** SUPPLIED RECORDS follows **

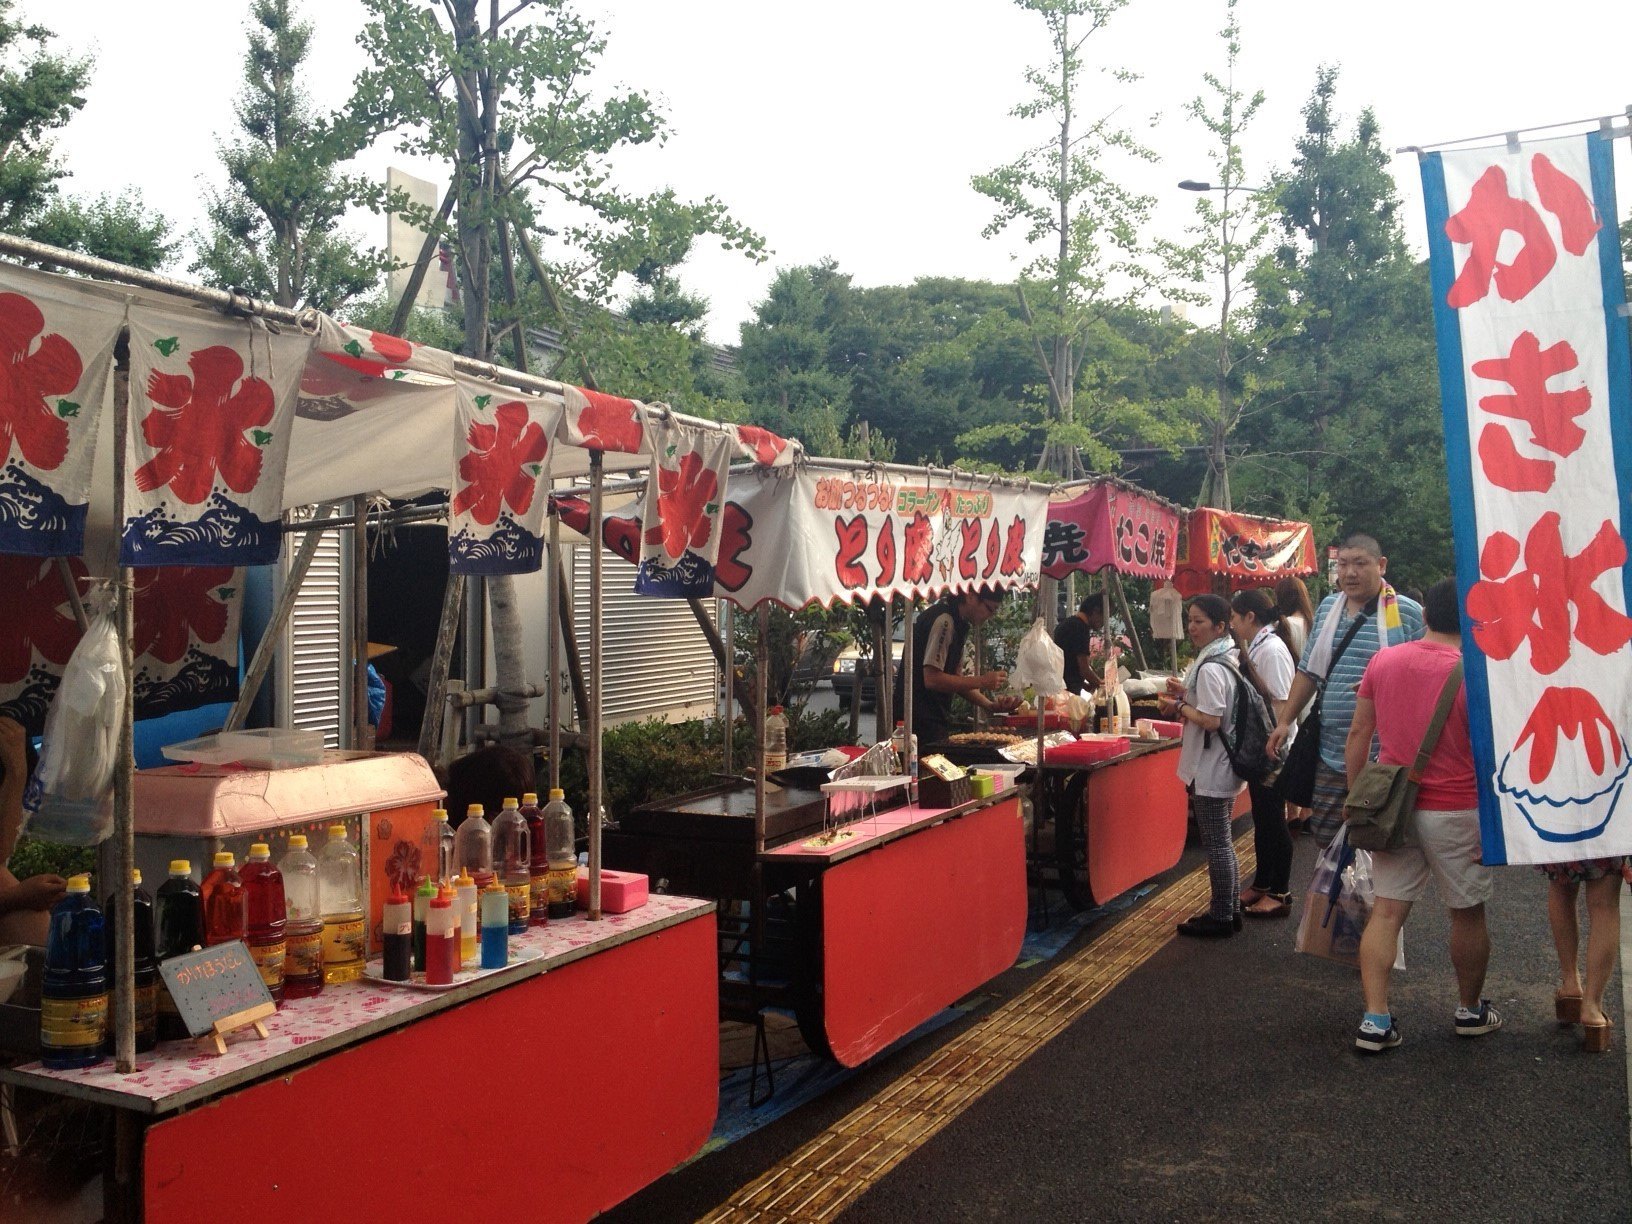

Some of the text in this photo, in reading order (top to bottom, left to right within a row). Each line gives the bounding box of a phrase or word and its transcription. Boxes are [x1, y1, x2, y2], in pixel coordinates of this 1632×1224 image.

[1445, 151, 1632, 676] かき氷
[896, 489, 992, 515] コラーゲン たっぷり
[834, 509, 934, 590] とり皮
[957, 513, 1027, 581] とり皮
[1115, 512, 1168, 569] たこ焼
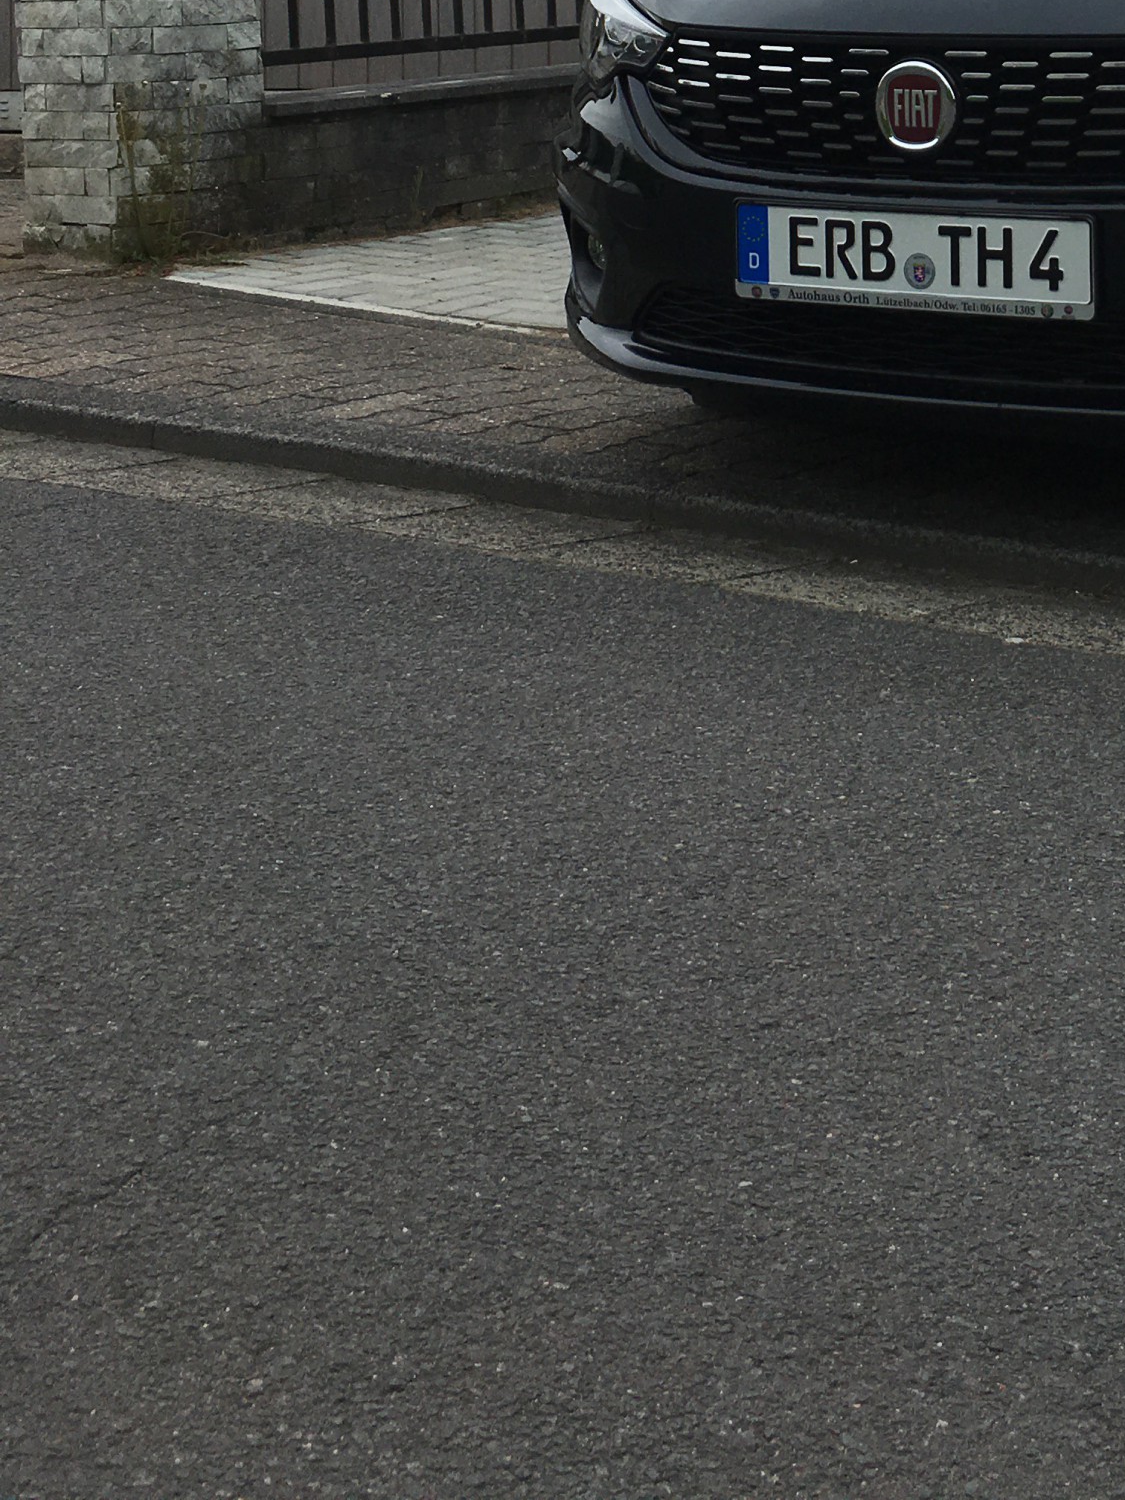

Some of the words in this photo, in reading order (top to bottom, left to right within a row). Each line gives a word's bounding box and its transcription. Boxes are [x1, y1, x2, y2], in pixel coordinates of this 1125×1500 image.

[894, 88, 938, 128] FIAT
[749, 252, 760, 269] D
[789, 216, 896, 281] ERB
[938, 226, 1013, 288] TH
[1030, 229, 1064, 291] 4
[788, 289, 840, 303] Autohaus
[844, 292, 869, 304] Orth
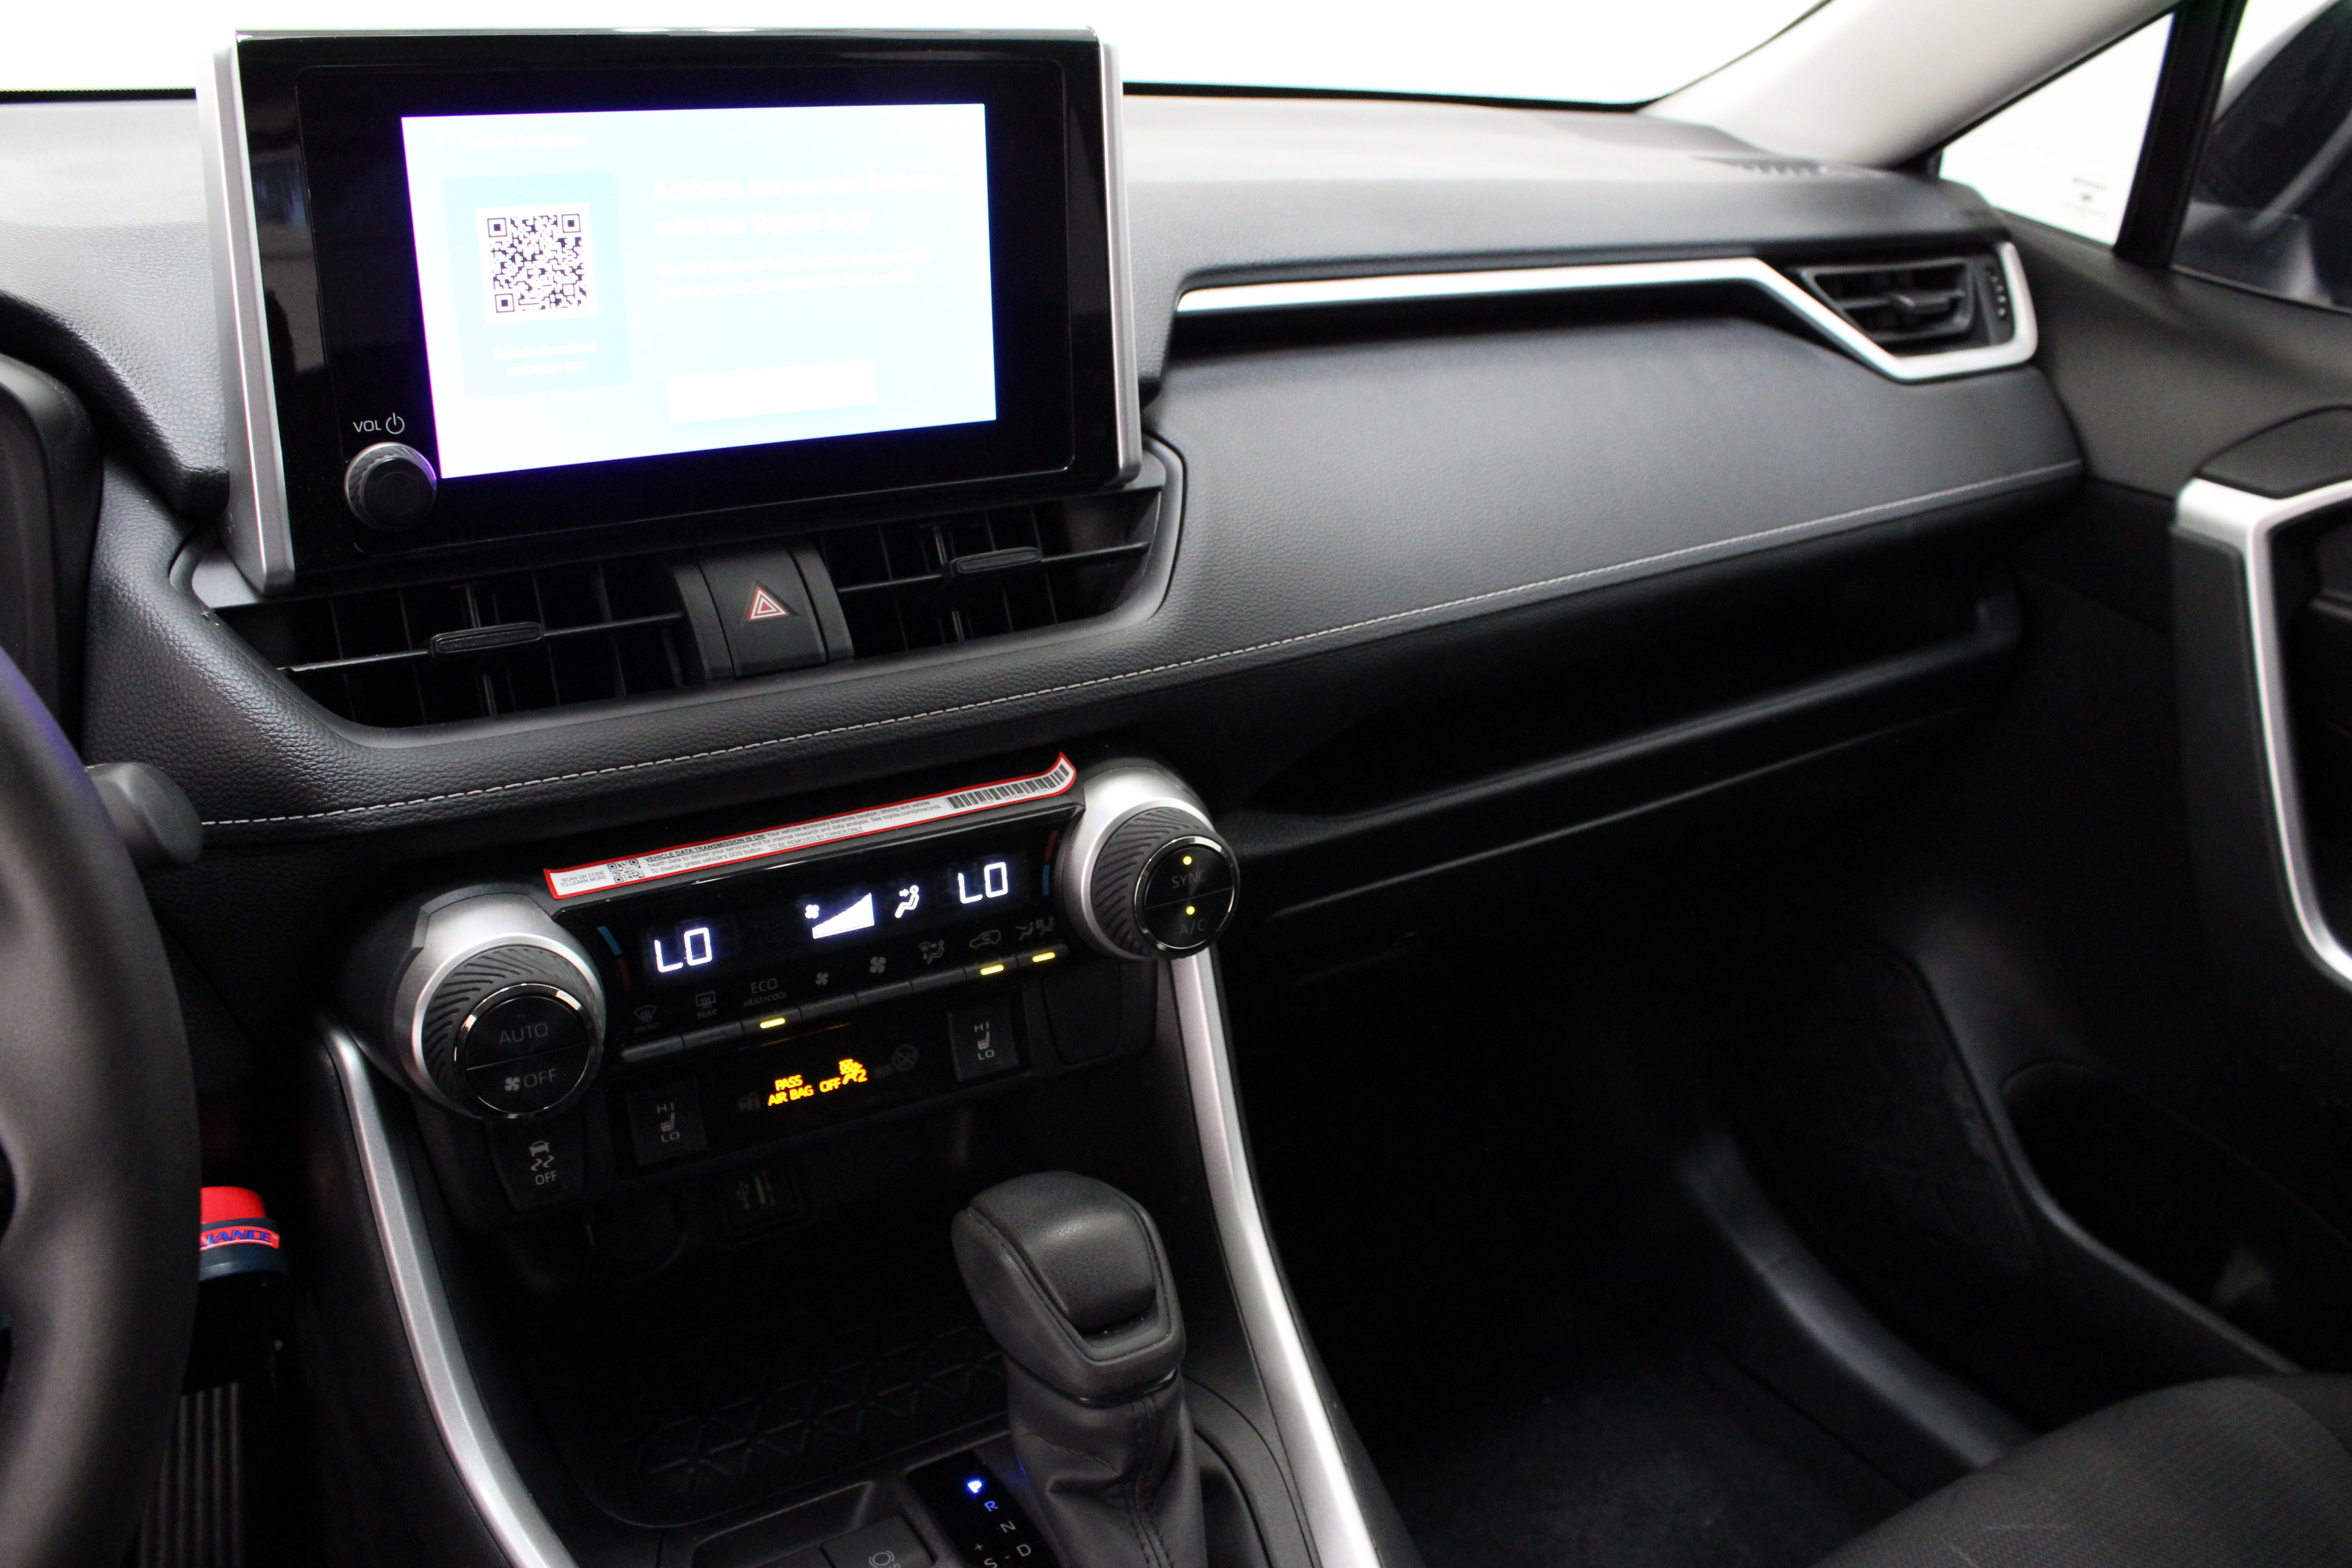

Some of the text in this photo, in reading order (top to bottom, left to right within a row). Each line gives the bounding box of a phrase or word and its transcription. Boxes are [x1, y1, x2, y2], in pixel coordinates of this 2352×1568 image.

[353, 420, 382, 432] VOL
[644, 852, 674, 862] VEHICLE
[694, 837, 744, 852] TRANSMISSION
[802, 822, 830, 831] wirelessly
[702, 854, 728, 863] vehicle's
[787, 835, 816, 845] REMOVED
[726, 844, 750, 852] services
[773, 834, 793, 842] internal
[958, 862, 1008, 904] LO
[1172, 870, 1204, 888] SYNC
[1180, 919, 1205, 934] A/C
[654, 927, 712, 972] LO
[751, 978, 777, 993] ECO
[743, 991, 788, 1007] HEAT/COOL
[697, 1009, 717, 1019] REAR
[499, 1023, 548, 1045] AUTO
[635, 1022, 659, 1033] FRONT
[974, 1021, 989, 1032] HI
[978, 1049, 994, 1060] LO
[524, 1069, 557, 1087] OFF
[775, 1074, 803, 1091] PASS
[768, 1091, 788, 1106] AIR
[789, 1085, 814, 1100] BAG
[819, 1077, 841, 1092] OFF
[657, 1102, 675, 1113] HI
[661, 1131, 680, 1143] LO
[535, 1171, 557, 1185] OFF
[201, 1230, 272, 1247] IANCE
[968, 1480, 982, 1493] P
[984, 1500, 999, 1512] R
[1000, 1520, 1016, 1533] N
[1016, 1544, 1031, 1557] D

** End of SUPPLIED RECORDS **

ASSIGNED TASK =>
A verbatim copy of every entry above, with no pictures, is the expected output.

ANSWER SECTION =>
Some of the text in this photo, in reading order (top to bottom, left to right within a row). Each line gives the bounding box of a phrase or word and its transcription. Boxes are [x1, y1, x2, y2], in pixel coordinates of this 1632×1224 image.

[1445, 151, 1632, 676] かき氷
[896, 489, 992, 515] コラーゲン たっぷり
[834, 509, 934, 590] とり皮
[957, 513, 1027, 581] とり皮
[1115, 512, 1168, 569] たこ焼

Some of the words in this photo, in reading order (top to bottom, left to right within a row). Each line gives a word's bounding box and its transcription. Boxes are [x1, y1, x2, y2], in pixel coordinates of this 1125×1500 image.

[894, 88, 938, 128] FIAT
[749, 252, 760, 269] D
[789, 216, 896, 281] ERB
[938, 226, 1013, 288] TH
[1030, 229, 1064, 291] 4
[788, 289, 840, 303] Autohaus
[844, 292, 869, 304] Orth

Some of the text in this photo, in reading order (top to bottom, left to right within a row). Each line gives the bounding box of a phrase or word and its transcription. Boxes are [x1, y1, x2, y2], in pixel coordinates of this 2352×1568 image.

[353, 420, 382, 432] VOL
[644, 852, 674, 862] VEHICLE
[694, 837, 744, 852] TRANSMISSION
[802, 822, 830, 831] wirelessly
[702, 854, 728, 863] vehicle's
[787, 835, 816, 845] REMOVED
[726, 844, 750, 852] services
[773, 834, 793, 842] internal
[958, 862, 1008, 904] LO
[1172, 870, 1204, 888] SYNC
[1180, 919, 1205, 934] A/C
[654, 927, 712, 972] LO
[751, 978, 777, 993] ECO
[743, 991, 788, 1007] HEAT/COOL
[697, 1009, 717, 1019] REAR
[499, 1023, 548, 1045] AUTO
[635, 1022, 659, 1033] FRONT
[974, 1021, 989, 1032] HI
[978, 1049, 994, 1060] LO
[524, 1069, 557, 1087] OFF
[775, 1074, 803, 1091] PASS
[768, 1091, 788, 1106] AIR
[789, 1085, 814, 1100] BAG
[819, 1077, 841, 1092] OFF
[657, 1102, 675, 1113] HI
[661, 1131, 680, 1143] LO
[535, 1171, 557, 1185] OFF
[201, 1230, 272, 1247] IANCE
[968, 1480, 982, 1493] P
[984, 1500, 999, 1512] R
[1000, 1520, 1016, 1533] N
[1016, 1544, 1031, 1557] D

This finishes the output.